O que parecia ser uma imensa rede capilar com inúmeros emissores e receptores de informações foi apropriada por um pequeno número de plataformas. Entre elas pontificam o Facebook, Google, Twitter, Yahoo e Verizon. Essas empresas chegaram com uma voracidade nunca vista sobre as verbas publicitárias e juntaram mais de 65 por cento de tudo o que se investe na rede. No topo estão Google e o Facebook que desenvolvem produtos que conquistam cada vez mais investimentos.

Isto já acendeu a luz vermelha nos departamentos de receitas de países europeus e de organizações jornalísticas que temem um duopólio na difusão e geração de notícias em âmbito mundial. Subsidiarias dessas empresas produzem equipamentos que traduzem o texto e o áudio em tempo recorde de qualquer língua para qualquer língua. Ou pelo menos do inglês para os quatro idiomas mais falados do mundo.

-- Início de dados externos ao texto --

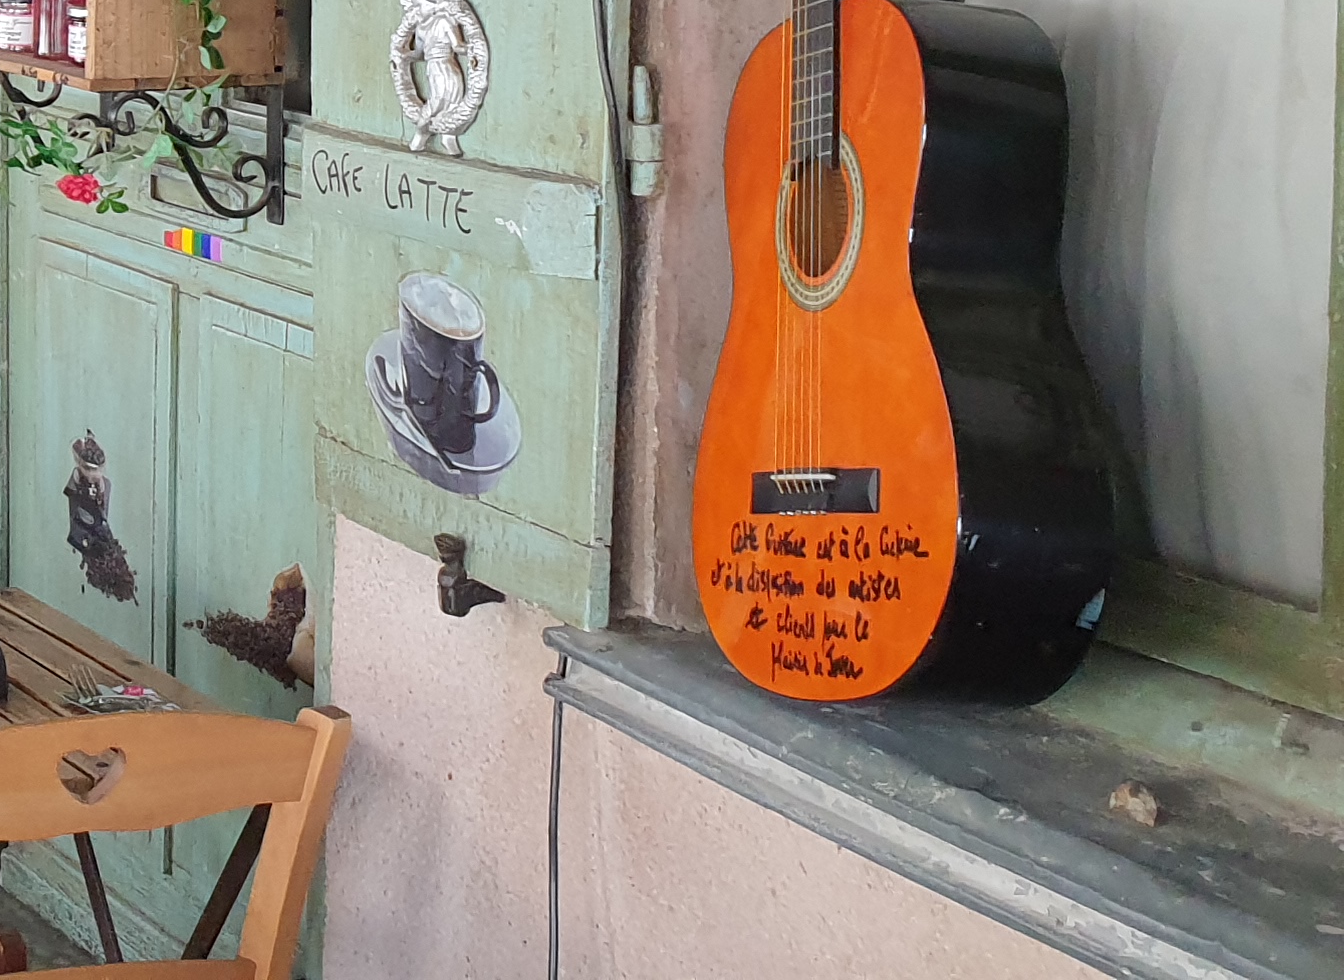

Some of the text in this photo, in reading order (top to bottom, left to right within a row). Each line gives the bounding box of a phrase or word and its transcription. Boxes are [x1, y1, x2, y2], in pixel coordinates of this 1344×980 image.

O controle da rede saiu de muitas mãos para as mãos de poucos. Uma das contradições geradas é que as receitas da mídia tradicional,- tevê, rádio, jornal e revista – baseadas na publicidade, classificados e assinaturas, migraram para as novas mídias. As agência publicitárias avaliaram como mais eficazes os anúncios exibidos nas grandes plataformas e houve uma transferência sensível dos investimentos nas novas mídias. Os assinantes na web não são lucrativos como os que assinam as plataformas tradicionais.
Assim verifica-se uma queda de faturamento dessas empresas que atualmente estão em um planeio, mas podem a qualquer momento sofrer um estol e ao invés de um pouso suave no aeroporto do resultado, cair de bico na cabeceira da pista. Ficaram à mercê do poderoso Facebook. A plataforma transformou-se na responsável pela maior influência sobre o consumo de notícias no mundo. Portanto, andam na prancha, de mãos dadas, os núcleos de marketing, comercial e jornalismo. Publicitários e jornalistas estão na mira dessas mudanças.

A passagem para as mídias digitais dos produtos das mídias tradicionais tiveram a força da movimentação de placas tectônicas para publicitários e jornalistas. Estes estão ligados umbilicalmente nas empresas. Sonhavam que seria possível encontrar uma saída para que o ecossistema tradicional se mantivesse. Contudo a publicação de material multimídia de qualquer lugar, jornalismo interativo, podcasts e crowdsourcing deram uma esperança para propagação plural de notícias e os bancos de dados proporcionariam oportunidades para a construção de reportagens.

É verdade que o choque foi sentido nas redações e nos departamentos de vendas. Ambos tiveram o número de profissionais reduzidos. Os publicitários com a queda do faturamento e os jornalistas com o advento de uma tecnologia que proporciona executar várias atividades ao mesmo tempo, como produzir e editar uma reportagem e coloca-la no ar.

Na redação da CNN, em Atlanta, onde estive em estágio, me surpreendeu que além dessas funções o jornalista que me ajudou, também colocou-me o microfone, acendeu às luzes, chamou a maquiadora e avisou a técnica que eu estava pronto para fazer uma entrada ao vivo no Jornal de Record News.

Detalhe: a câmara estava travada, sem ninguém.

(*) – É âncora do Jornal da Record News e professor emérito da ESPM.